Your instructions> Exactly reproduce the entries, dropping any pictures from your copy.
____ Records for this exercise
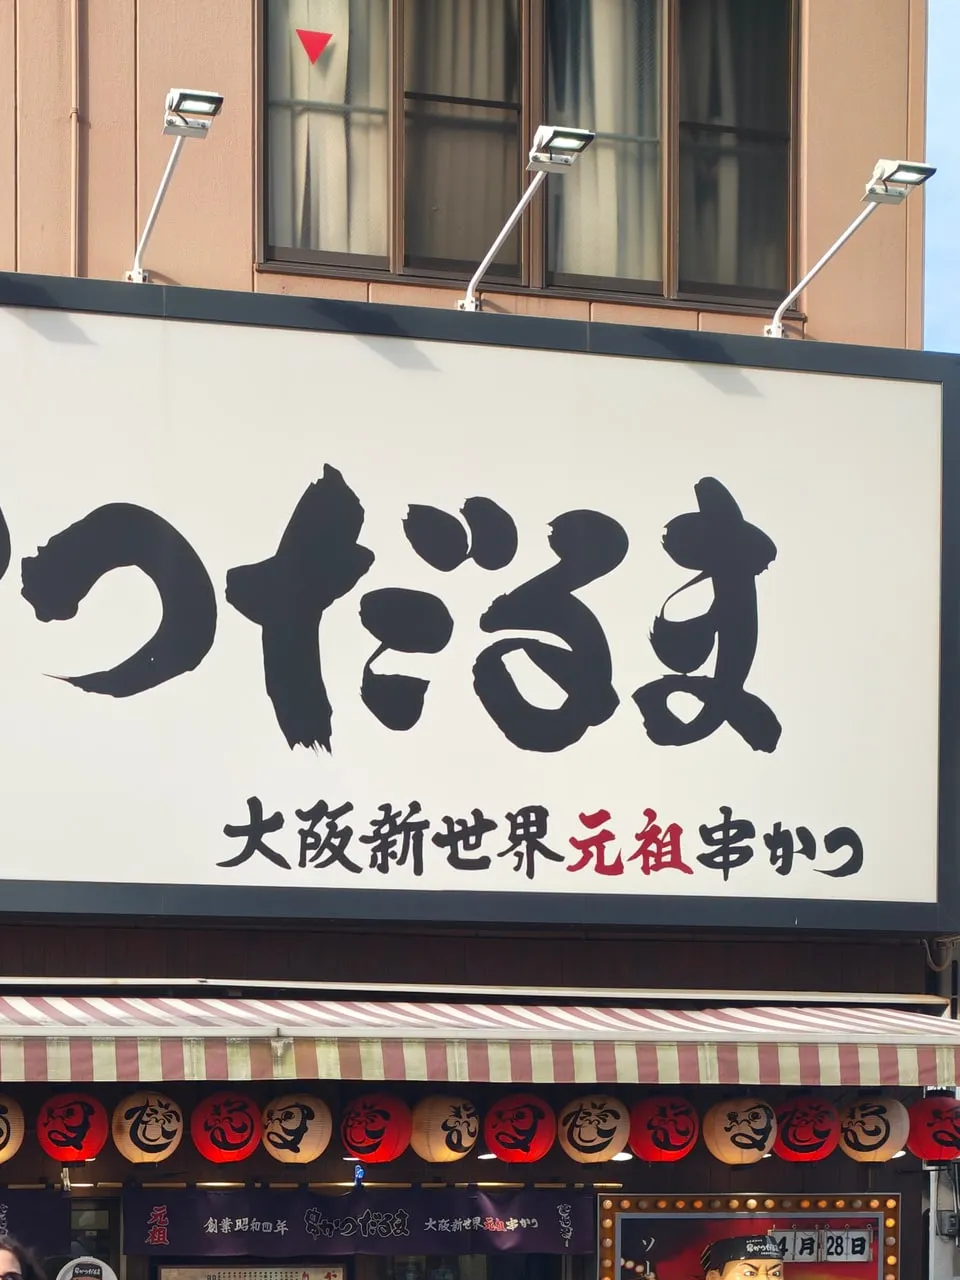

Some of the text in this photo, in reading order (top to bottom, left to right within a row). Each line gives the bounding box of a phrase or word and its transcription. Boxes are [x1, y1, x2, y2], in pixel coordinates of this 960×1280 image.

[216, 796, 864, 882] 大阪新世界元祖串かつ
[145, 1205, 170, 1245] 元祖
[203, 1218, 289, 1236] 創業昭和四年
[304, 1207, 409, 1240] 串かつだるま
________
Exercise result>
Some of the text in this photo, in reading order (top to bottom, left to right within a row). Each line gives the bounding box of a phrase or word and its transcription. Boxes are [x1, y1, x2, y2], in pixel coordinates of this 960×1280 image.

[216, 796, 864, 882] 大阪新世界元祖串かつ
[145, 1205, 170, 1245] 元祖
[203, 1218, 289, 1236] 創業昭和四年
[304, 1207, 409, 1240] 串かつだるま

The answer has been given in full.